見た目だけでいえば、顔の造形が整ったさらさらで艶のある栗色の髪を持つ爽やか美少年だが、俺からすれば甘えた子犬のようだと思う。この顔が羨ましい、いや憎たらしいと何度思ったことか。
「……聡?」
いつの間にかぼんやりとしていたらしい俺の顔を覗くように、少し起き上がって真上から見下ろしていた真央と目が合った。
本当に綺麗な顔だと思う。多分俺が今まで見てきた誰よりも、真央は綺麗な顔だと思ってしまうほどに整った造形をしている。それに対して俺の顔は平凡の中の平凡、目立った特徴もなくモブとしてどこにでもいそうな平凡な顏だ。
「え、なに?俺の顔じっと見て……まさか」
きゃっ、なんて可愛らしく言う真央に苛ついてしまったのは仕方ないことなのかもしれない。あからさまに溜息を吐いた俺を見た真央は何を思ったのか、身体を起き上がらせて俺の上に覆いかぶさるように跨ってきた。
まさか、と思って抗議の意味を込めて軽く睨むが、真央は一人でにこにこと楽しそうに笑っている。
「……なに」
「え?なにって……お前、顔真っ赤じゃん」
そう言ってするりと頬を撫でられて背筋がぞくりと泡立ち、昨日暴かれ続けた下半身がずくりと疼いて思わず頬が引きつった。全身の血液が顔に集まっているのかと思えるほどに顔が熱い。
「そんな可愛い顔して……襲っちゃうぞ」
ぺろりと舌舐めずりをするように唇を舐める仕草が、腹が立つほどに似合っている。これが顔面偏差値が高い奴の威力なのだろうか。俺だってこんな造形が整った顔に生まれたかった。
おもむろに首元に顔を埋めてきた真央に慌てて身体を押し返そうとするが、逆にその手を捕らえられてしまった。掴まれた両手首は布団に押し付けられ、身動きが取れない。れろ、と首筋をゆっくりと焦らすように一舐めされ、俺は漏れそうになる声を我慢するように唇を噛み締めた。
「……ん、っ」
「……聡、そんなに噛んだら血が出ちゃうよ」
「じゃあやめ……ッ」
言葉を押し込めるようにぺろりと唇を舐められた。驚いて思わず目をぎゅっと瞑る。ふふっと笑い声が頭上から落ち、その声に反応するように見上げると唇を塞がれた。

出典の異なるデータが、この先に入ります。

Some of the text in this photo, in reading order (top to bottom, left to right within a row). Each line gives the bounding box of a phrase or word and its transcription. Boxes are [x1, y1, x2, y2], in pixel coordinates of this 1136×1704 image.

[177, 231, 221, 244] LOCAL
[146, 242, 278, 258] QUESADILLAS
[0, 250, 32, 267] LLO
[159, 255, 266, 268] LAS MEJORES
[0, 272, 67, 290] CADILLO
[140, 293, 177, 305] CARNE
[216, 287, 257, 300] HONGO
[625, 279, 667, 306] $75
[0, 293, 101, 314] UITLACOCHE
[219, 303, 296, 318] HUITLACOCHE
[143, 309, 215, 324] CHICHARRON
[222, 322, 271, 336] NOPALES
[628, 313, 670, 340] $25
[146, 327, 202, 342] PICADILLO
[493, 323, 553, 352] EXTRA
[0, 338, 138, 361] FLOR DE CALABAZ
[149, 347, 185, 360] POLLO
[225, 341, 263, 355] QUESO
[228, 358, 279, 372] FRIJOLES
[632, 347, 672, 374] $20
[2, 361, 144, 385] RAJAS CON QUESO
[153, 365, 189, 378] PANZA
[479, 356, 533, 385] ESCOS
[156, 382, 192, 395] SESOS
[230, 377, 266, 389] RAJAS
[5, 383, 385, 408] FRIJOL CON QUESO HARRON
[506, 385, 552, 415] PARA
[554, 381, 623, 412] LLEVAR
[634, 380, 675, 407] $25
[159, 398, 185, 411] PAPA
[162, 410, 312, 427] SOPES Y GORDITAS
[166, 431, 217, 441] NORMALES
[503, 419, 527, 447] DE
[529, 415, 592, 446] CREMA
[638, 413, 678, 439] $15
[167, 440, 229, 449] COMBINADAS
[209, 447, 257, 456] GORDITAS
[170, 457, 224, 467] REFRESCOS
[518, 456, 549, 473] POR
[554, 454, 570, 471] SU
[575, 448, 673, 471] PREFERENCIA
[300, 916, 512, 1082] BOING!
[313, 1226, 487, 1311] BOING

せめてもの抵抗で歯を立てないように口をきつく閉じようとしたが、それよりも早く薄く開いた唇から熱い舌先が口内へと侵入する。口内で一番敏感で弱い上顎のざらざらした部分を舌先で何度も優しく撫でられ、上擦った声が隙間から漏れ出た。
「んっ、ふ……」
早朝から何盛っているんだと抵抗しようにも、未だに両手は真央に掴まれたままなので大した抵抗にもならない。寧ろ抵抗する事で真央を喜ばせているのではないかと思うほど、すればするほど執拗に上顎を責めてくるように感じる。

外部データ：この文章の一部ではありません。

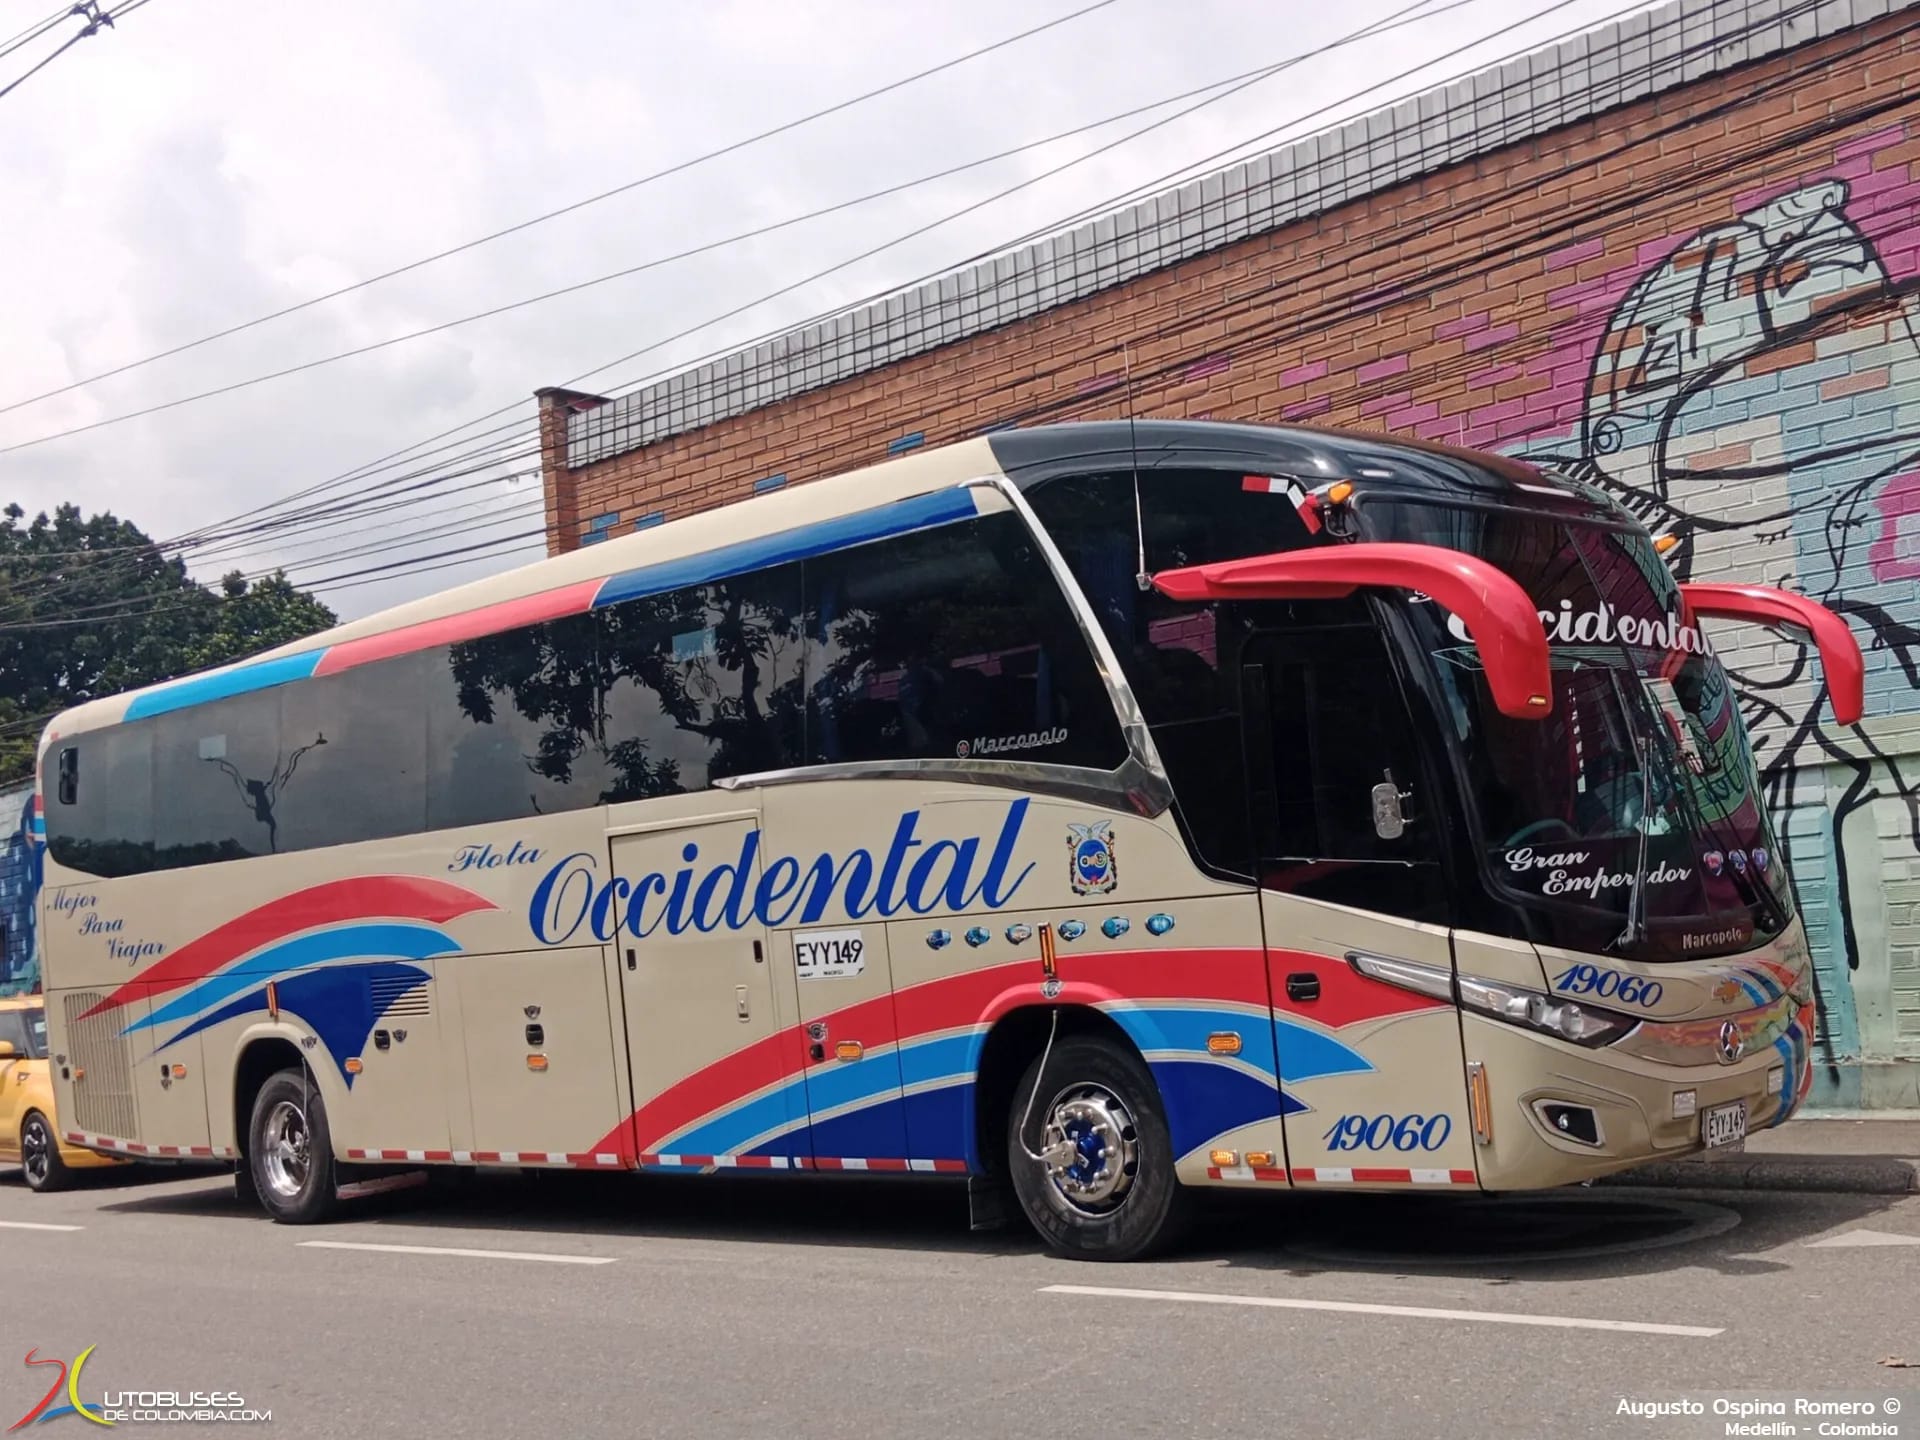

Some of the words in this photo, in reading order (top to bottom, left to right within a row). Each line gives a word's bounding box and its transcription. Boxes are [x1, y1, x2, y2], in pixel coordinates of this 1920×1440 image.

[973, 727, 1068, 754] Marcopolo
[448, 839, 548, 872] Flota
[529, 797, 1036, 946] Occidental
[1505, 847, 1590, 872] Gran
[1542, 861, 1692, 899] Emperdor
[46, 887, 98, 919] Mejor
[78, 912, 124, 936] Para
[1682, 927, 1742, 950] Marcopolo
[108, 937, 167, 968] Viajar
[795, 939, 863, 967] EYY149
[1552, 964, 1663, 1008] 19060
[1322, 1113, 1452, 1152] 19060

真央の舌が上顎から離れたので少し身体から力を抜こうとしたら次は舌を絡め取られ、じゅるじゅると音を立てて吸い上げられた。真央の熱い舌が奥へと逃げようとする俺の舌を絡め取る。角度を何度も変えながら貪られる唇からはいやらしい水音が漏れ、思わず耳を塞ぎたくなった。
「……ふ、ぅっ……んん……ッ」
「……すっごいエロい顔」
やっと離された俺の唇と真央の唇の間には名残惜しそうにきらきらと光る唾液の糸が伸び、ぷつりと切れた。上がる息を整えながら目の前にいる真央を見上げると、満足そうに自分の唇を舐める彼と視線が合う。まるで肉食獣が獲物を見つけた時のような鋭い目をしながらも嬉しそうに妖艶に笑う真央は、もう一度軽く触れるだけのキスを降らせた。
全てを貪られるような口付けに俺は酸欠状態になっているのか、頭はぼんやりと霞が掛かっているようだった。それでも頭の片隅ではこいつの顔は綺麗だなという感想だけは抱く余裕があったのかもしれない。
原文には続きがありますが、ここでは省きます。